Medvedev, che è uno dei giocatori più intelligenti del circuito (probabilmente il più accorto), sapeva perfettamente che, contro Alcaraz, non sarebbe stato sufficiente starsene a fondo campo lontano dalla rete, pronto a rincorrere qualsiasi palla in tutto il campo per poi attaccare al momento giusto: lo spagnolo l’avrebbe demolito se si fosse limitato a questo.
Invece il russo ha trovato due soluzioni vincenti: in primo luogo ha programmato di “rubare” sistematicamente del tempo ad Alcaraz con accelerazioni incredibili, costringendolo ad eseguire in modo non ottimale le fasi di preparazione dei colpi, cioè i contro-movimenti. La seconda soluzione è consistita nel martellare lo spagnolo nella situazione in cui ha constatato, nella partita di ieri, che stava commettendo il maggior numero di errori: nel diritto in corsa.

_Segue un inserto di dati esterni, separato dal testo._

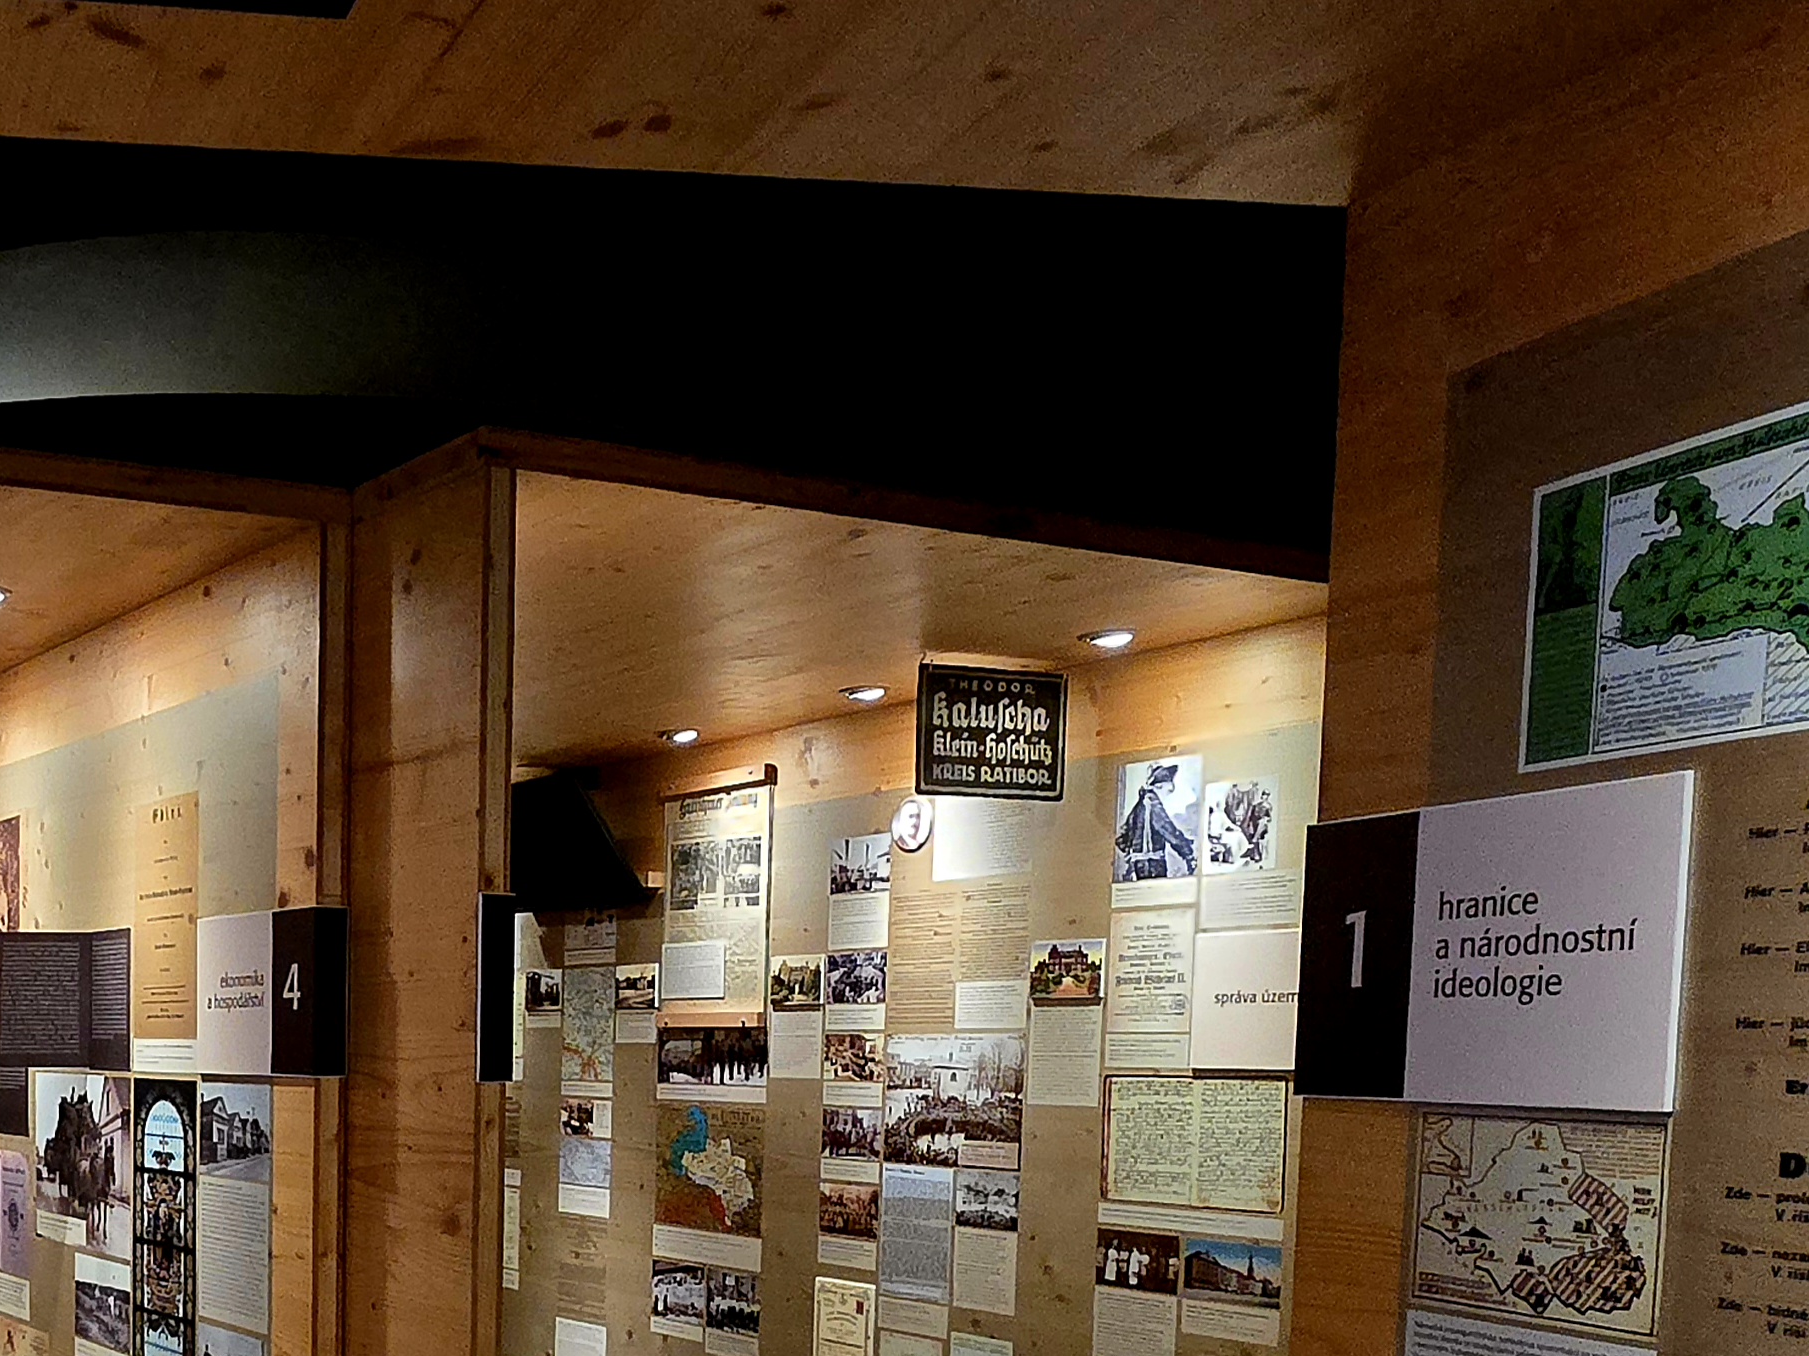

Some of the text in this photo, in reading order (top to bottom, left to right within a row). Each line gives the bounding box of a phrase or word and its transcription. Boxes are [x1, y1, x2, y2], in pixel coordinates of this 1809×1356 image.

[948, 678, 1036, 695] THEODOR
[932, 763, 1052, 786] KREIS RATIBOR
[1437, 886, 1539, 921] hranice
[1345, 909, 1368, 988] 1
[1435, 918, 1638, 960] a národnostní
[283, 963, 301, 1010] 4
[1214, 989, 1257, 1007] správa
[1432, 965, 1562, 1005] ideologie

Alcaraz, in realtà ha fatto registrare numerosi errori. Non sappiamo se fosse in giornata no o se si sia stato sempre Medvedev a costringerlo a commetterli. Probabilmente si sommano entrambe le cause.

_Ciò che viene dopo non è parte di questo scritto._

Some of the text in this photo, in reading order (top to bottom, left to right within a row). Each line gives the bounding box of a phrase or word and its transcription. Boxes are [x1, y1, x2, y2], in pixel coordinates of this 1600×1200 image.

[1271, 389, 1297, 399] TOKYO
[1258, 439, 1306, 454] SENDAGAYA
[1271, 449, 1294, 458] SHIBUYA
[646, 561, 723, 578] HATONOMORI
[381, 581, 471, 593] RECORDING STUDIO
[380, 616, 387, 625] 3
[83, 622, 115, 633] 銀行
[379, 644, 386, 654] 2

Medvedev sapeva bene che, su un’ipotetica scala prestativa da 1 a 10, per sperare di vincere contro Alcaraz avrebbe dovuto giocare da 11. “Invece – ha poi dichiarato – credo di aver meritato addirittura 12”.
Il russo infatti ha giocato quasi sempre benissimo, tranne che nel terzo set, da lui concesso all’avversario dopo aver vinto i primi due.

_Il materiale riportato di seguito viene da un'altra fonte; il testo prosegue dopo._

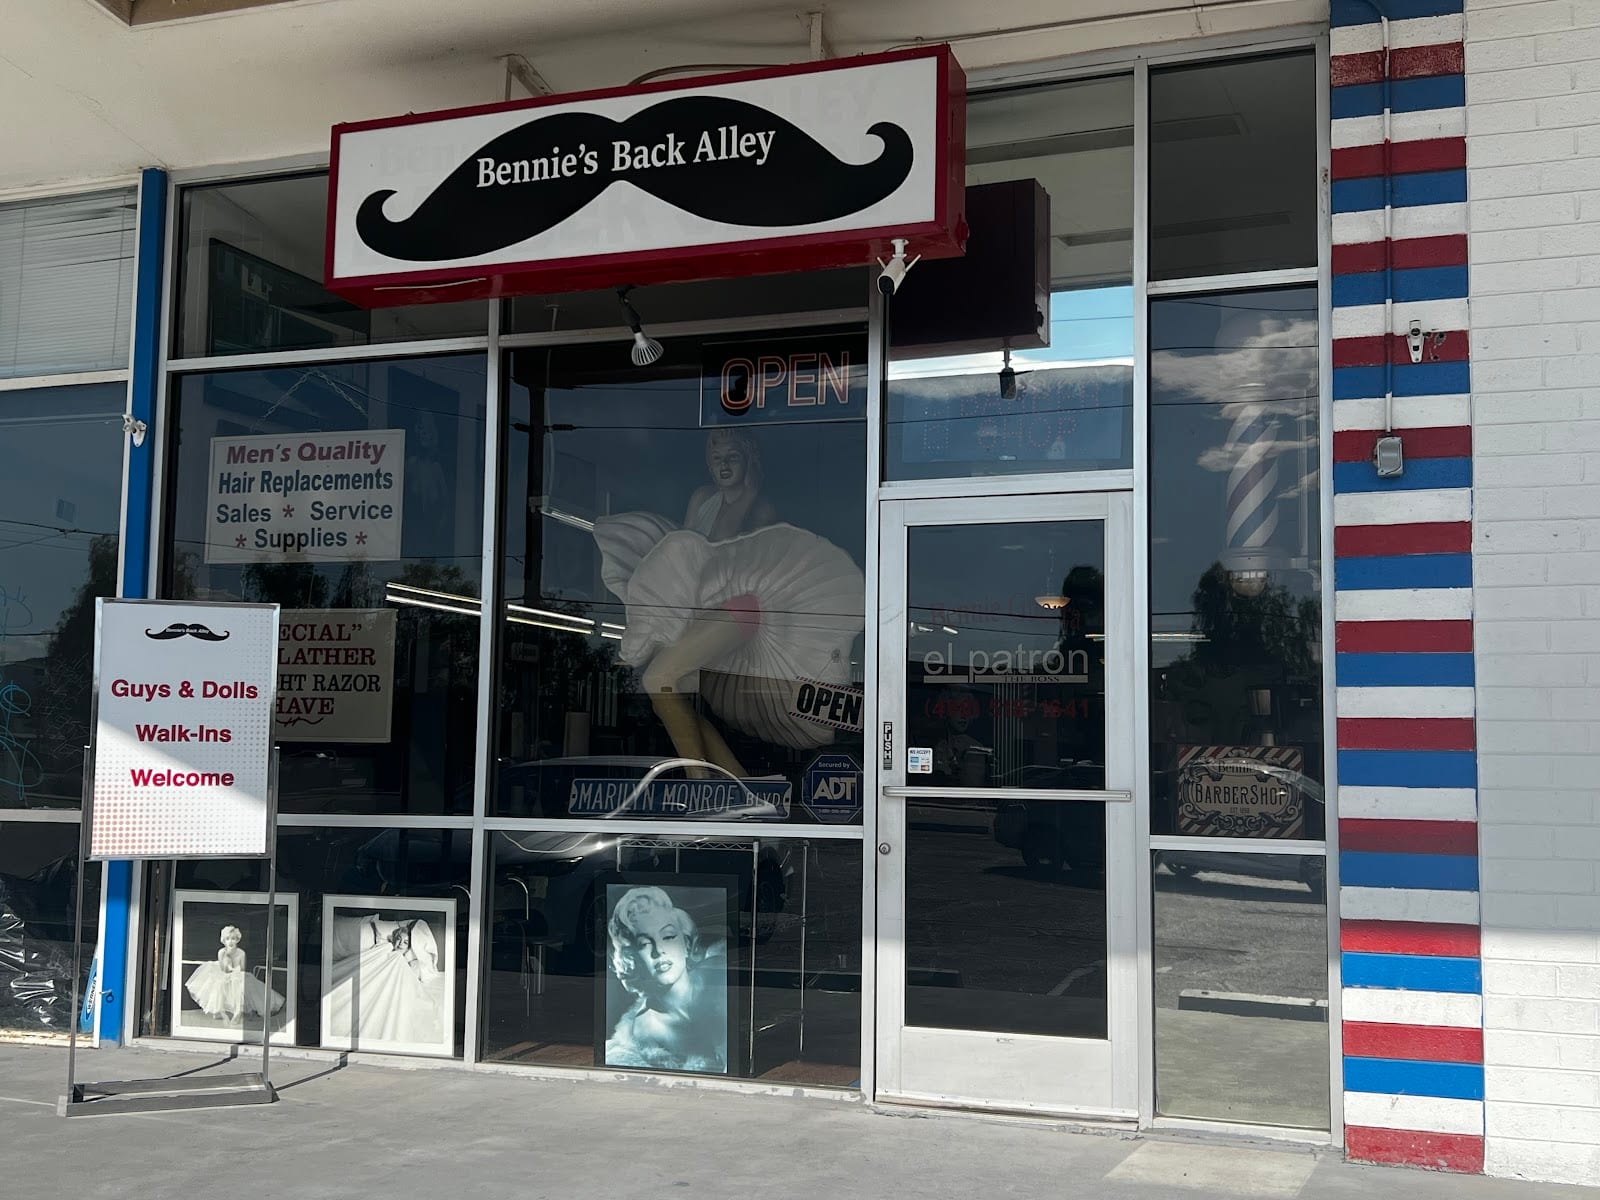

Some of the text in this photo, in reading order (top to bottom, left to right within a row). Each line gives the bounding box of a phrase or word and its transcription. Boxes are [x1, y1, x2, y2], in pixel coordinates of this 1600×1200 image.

[476, 143, 599, 189] Bennie's
[611, 132, 686, 173] Back
[693, 124, 776, 166] Alley
[720, 351, 850, 410] OPEN
[226, 440, 387, 465] Men's Quality
[218, 467, 394, 498] Hair Replacements
[216, 500, 393, 524] Sales Service
[254, 527, 348, 552] Supplies
[923, 642, 953, 675] el
[111, 679, 259, 702] Guys & Dolls
[312, 673, 382, 692] RAZOR
[796, 683, 863, 726] OPEN
[135, 724, 232, 743] Walk-Ins
[884, 724, 892, 759] PUSH
[842, 761, 851, 769] by
[130, 769, 235, 788] Welcome
[813, 776, 857, 801] ADT
[578, 782, 780, 813] MARILYN MONROE BLVD

Nel quarto ed ultimo parziale Medvedev, portatosi in vantaggio per 5-2 con un break di vantaggio, ha annullato ben 3 contro-break e ha sprecato 3 match point (di cui uno con un doppio fallo), prima di chiudere definitivamente.
In precedenza si era svolta l’altra semifinale, tra il trentaseienne Djokovic e il ventenne Shelton. L’americano, che ha disputato finora solo 44 incontri nel circuito ATP, trovandosi catapultato per la prima volta in semifinale in uno slam, non ha dato l’impressione di avere in testa una tattica specifica, se non quella di affidarsi a scelte del momento, dettate dalla volontà di spingere e forzare, ma anche di cambiare di cambiare imprevedibilmente ritmo; mentre il serbo si è affidato alla sua collaudatissima arma del martellamento in profondità e verso entrambi gli angoli, con la ferma volontà di mantenere un perfetto controllo.
Djokovic ha dominato nei primi due parziali, mentre nel terzo ha dovuto annullare un set point pima di chiudere l’incontro al tie-break.
Per Djokovic sarà la trentaseiesima finale in uno slam, di cui a Flushing Meadows la decima (la terza per il ventisettenne Medvedev).
Nole giocherà per conquistare il ventitreesimo titolo in uno slam.